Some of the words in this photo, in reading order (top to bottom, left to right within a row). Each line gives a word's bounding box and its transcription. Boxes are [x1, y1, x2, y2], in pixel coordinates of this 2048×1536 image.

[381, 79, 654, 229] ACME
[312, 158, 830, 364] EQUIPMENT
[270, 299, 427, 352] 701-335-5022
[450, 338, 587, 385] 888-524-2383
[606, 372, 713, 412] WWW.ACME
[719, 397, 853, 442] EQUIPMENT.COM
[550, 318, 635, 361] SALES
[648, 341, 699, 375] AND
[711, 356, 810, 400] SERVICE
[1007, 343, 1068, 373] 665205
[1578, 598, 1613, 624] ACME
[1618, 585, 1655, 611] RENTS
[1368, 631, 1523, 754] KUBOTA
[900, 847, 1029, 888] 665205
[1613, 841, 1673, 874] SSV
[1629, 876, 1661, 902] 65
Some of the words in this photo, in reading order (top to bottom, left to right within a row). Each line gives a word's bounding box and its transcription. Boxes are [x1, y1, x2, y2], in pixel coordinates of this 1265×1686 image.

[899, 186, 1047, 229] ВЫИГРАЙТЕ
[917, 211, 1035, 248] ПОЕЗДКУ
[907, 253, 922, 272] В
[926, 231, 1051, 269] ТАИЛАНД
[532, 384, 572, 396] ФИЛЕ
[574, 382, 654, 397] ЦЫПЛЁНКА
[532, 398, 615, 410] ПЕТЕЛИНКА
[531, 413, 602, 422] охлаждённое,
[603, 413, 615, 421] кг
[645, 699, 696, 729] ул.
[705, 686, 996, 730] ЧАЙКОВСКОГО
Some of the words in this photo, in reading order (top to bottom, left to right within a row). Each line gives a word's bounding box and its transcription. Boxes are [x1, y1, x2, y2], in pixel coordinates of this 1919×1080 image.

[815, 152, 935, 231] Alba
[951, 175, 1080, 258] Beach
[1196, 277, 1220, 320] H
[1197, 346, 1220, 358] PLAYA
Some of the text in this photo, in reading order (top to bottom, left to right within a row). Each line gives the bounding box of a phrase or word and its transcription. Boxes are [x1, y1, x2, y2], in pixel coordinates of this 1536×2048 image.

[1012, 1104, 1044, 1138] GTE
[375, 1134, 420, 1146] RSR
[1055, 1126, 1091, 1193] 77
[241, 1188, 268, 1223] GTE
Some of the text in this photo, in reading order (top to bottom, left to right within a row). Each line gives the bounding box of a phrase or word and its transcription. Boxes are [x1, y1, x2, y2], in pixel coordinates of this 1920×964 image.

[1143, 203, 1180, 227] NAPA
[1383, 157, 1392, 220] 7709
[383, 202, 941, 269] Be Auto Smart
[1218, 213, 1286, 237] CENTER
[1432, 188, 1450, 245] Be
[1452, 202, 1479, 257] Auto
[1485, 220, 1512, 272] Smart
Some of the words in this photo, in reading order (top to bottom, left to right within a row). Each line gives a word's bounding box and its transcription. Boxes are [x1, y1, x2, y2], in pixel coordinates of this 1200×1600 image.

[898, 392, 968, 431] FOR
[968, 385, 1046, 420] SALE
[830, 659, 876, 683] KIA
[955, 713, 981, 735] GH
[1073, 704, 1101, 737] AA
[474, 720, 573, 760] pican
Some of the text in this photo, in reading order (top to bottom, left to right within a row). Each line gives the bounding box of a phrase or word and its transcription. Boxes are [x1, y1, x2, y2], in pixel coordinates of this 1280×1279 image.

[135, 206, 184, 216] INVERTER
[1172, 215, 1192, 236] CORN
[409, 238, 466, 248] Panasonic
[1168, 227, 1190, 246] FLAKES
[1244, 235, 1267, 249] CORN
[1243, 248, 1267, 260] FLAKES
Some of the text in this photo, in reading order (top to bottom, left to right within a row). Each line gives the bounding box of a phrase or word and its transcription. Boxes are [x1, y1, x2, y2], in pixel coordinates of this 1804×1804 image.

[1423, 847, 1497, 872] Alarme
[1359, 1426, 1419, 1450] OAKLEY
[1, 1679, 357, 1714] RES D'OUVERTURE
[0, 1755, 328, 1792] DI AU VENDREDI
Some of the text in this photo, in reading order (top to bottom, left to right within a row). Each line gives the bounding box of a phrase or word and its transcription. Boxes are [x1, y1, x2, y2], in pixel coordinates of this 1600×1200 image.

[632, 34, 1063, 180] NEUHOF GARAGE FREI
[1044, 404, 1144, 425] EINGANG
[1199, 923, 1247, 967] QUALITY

-- Problem --
All entries above are to be copied exactly, with none left out.

-- Result below --
Some of the words in this photo, in reading order (top to bottom, left to right within a row). Each line gives a word's bounding box and its transcription. Boxes are [x1, y1, x2, y2], in pixel coordinates of this 2048×1536 image.

[381, 79, 654, 229] ACME
[312, 158, 830, 364] EQUIPMENT
[270, 299, 427, 352] 701-335-5022
[450, 338, 587, 385] 888-524-2383
[606, 372, 713, 412] WWW.ACME
[719, 397, 853, 442] EQUIPMENT.COM
[550, 318, 635, 361] SALES
[648, 341, 699, 375] AND
[711, 356, 810, 400] SERVICE
[1007, 343, 1068, 373] 665205
[1578, 598, 1613, 624] ACME
[1618, 585, 1655, 611] RENTS
[1368, 631, 1523, 754] KUBOTA
[900, 847, 1029, 888] 665205
[1613, 841, 1673, 874] SSV
[1629, 876, 1661, 902] 65
Some of the words in this photo, in reading order (top to bottom, left to right within a row). Each line gives a word's bounding box and its transcription. Boxes are [x1, y1, x2, y2], in pixel coordinates of this 1265×1686 image.

[899, 186, 1047, 229] ВЫИГРАЙТЕ
[917, 211, 1035, 248] ПОЕЗДКУ
[907, 253, 922, 272] В
[926, 231, 1051, 269] ТАИЛАНД
[532, 384, 572, 396] ФИЛЕ
[574, 382, 654, 397] ЦЫПЛЁНКА
[532, 398, 615, 410] ПЕТЕЛИНКА
[531, 413, 602, 422] охлаждённое,
[603, 413, 615, 421] кг
[645, 699, 696, 729] ул.
[705, 686, 996, 730] ЧАЙКОВСКОГО
Some of the words in this photo, in reading order (top to bottom, left to right within a row). Each line gives a word's bounding box and its transcription. Boxes are [x1, y1, x2, y2], in pixel coordinates of this 1919×1080 image.

[815, 152, 935, 231] Alba
[951, 175, 1080, 258] Beach
[1196, 277, 1220, 320] H
[1197, 346, 1220, 358] PLAYA
Some of the text in this photo, in reading order (top to bottom, left to right within a row). Each line gives the bounding box of a phrase or word and its transcription. Boxes are [x1, y1, x2, y2], in pixel coordinates of this 1536×2048 image.

[1012, 1104, 1044, 1138] GTE
[375, 1134, 420, 1146] RSR
[1055, 1126, 1091, 1193] 77
[241, 1188, 268, 1223] GTE
Some of the text in this photo, in reading order (top to bottom, left to right within a row). Each line gives the bounding box of a phrase or word and its transcription. Boxes are [x1, y1, x2, y2], in pixel coordinates of this 1920×964 image.

[1143, 203, 1180, 227] NAPA
[1383, 157, 1392, 220] 7709
[383, 202, 941, 269] Be Auto Smart
[1218, 213, 1286, 237] CENTER
[1432, 188, 1450, 245] Be
[1452, 202, 1479, 257] Auto
[1485, 220, 1512, 272] Smart
Some of the words in this photo, in reading order (top to bottom, left to right within a row). Each line gives a word's bounding box and its transcription. Boxes are [x1, y1, x2, y2], in pixel coordinates of this 1200×1600 image.

[898, 392, 968, 431] FOR
[968, 385, 1046, 420] SALE
[830, 659, 876, 683] KIA
[955, 713, 981, 735] GH
[1073, 704, 1101, 737] AA
[474, 720, 573, 760] pican
Some of the text in this photo, in reading order (top to bottom, left to right within a row). Each line gives the bounding box of a phrase or word and its transcription. Boxes are [x1, y1, x2, y2], in pixel coordinates of this 1280×1279 image.

[135, 206, 184, 216] INVERTER
[1172, 215, 1192, 236] CORN
[409, 238, 466, 248] Panasonic
[1168, 227, 1190, 246] FLAKES
[1244, 235, 1267, 249] CORN
[1243, 248, 1267, 260] FLAKES
Some of the text in this photo, in reading order (top to bottom, left to right within a row). Each line gives the bounding box of a phrase or word and its transcription. Boxes are [x1, y1, x2, y2], in pixel coordinates of this 1804×1804 image.

[1423, 847, 1497, 872] Alarme
[1359, 1426, 1419, 1450] OAKLEY
[1, 1679, 357, 1714] RES D'OUVERTURE
[0, 1755, 328, 1792] DI AU VENDREDI
Some of the text in this photo, in reading order (top to bottom, left to right within a row). Each line gives the bounding box of a phrase or word and its transcription. Boxes are [x1, y1, x2, y2], in pixel coordinates of this 1600×1200 image.

[632, 34, 1063, 180] NEUHOF GARAGE FREI
[1044, 404, 1144, 425] EINGANG
[1199, 923, 1247, 967] QUALITY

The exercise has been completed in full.